Più recentemente, il divieto israeliano ai palestinesi di Gerusalemme Est di partecipare alle elezioni politiche generali della Palestina, previste per il mese di maggio del 2021, è servito da giustificazione per l’annullamento dell’intero appuntamento elettorale. Molti palestinesi sono convinti che la vera ragione di questo rinvio fosse dovuta al timore del presidente Mahmoud Abbas di perderle, a vantaggio della fazione islamica di Hamas. Più in generale, gli abitanti di Gerusalemme Est si sentono del tutto abbandonati dall’Autorità palestinese nel far fronte ai tentativi israeliani di controllare Gerusalemme e ritengono che essa preferisca concentrare gli sforzi diplomatici e politici sulla lotta per mantenere l’integrità dei restanti territori in Cisgiordania fuori dalla zona di Gerusalemme.
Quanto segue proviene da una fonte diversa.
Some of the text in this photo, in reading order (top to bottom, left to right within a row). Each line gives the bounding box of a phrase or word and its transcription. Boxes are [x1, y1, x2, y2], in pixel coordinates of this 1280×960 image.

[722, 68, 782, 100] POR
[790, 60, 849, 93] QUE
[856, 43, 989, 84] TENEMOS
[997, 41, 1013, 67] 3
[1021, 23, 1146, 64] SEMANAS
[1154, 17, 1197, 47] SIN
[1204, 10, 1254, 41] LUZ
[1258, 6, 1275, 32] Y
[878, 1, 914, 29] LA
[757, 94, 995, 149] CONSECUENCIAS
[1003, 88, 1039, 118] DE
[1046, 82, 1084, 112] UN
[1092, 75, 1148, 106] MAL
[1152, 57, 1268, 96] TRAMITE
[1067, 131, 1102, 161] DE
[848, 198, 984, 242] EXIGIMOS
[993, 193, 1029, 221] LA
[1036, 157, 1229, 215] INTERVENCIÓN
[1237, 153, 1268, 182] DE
Un ulteriore contributo a questo stallo politico viene dalla situazione dello Stato israeliano. Nel luglio 2019 Benjamin Netanyahu è diventato il primo ministro israeliano più longevo di sempre, superando David Ben Gurion. Dopo le ultime elezioni israeliane del 23 marzo 2021, egli è stato nuovamente incaricato di provare a formare un nuovo governo. Ma, di fronte alle crescenti critiche che gli venivano non solo dal centro e dalla sinistra israeliani, ma anche dalla destra, necessitava di un sostegno più consistente di quello che gli potevano offrire i suoi alleati ebrei ultraortodossi. Pertanto ha promosso la formazione di una coalizione di estrema destra, che comprendeva esponenti di gruppi estremisti ben noti per il rifiuto di qualsiasi compromesso con i palestinesi e per il razzismo nei confronti di tutti gli israeliani «non ebrei». Queste forze politiche sono entrate in Parlamento all’indomani delle elezioni, convinte che la tenuta di Netanyahu dipendesse da loro e che quindi lui le avrebbe assecondate.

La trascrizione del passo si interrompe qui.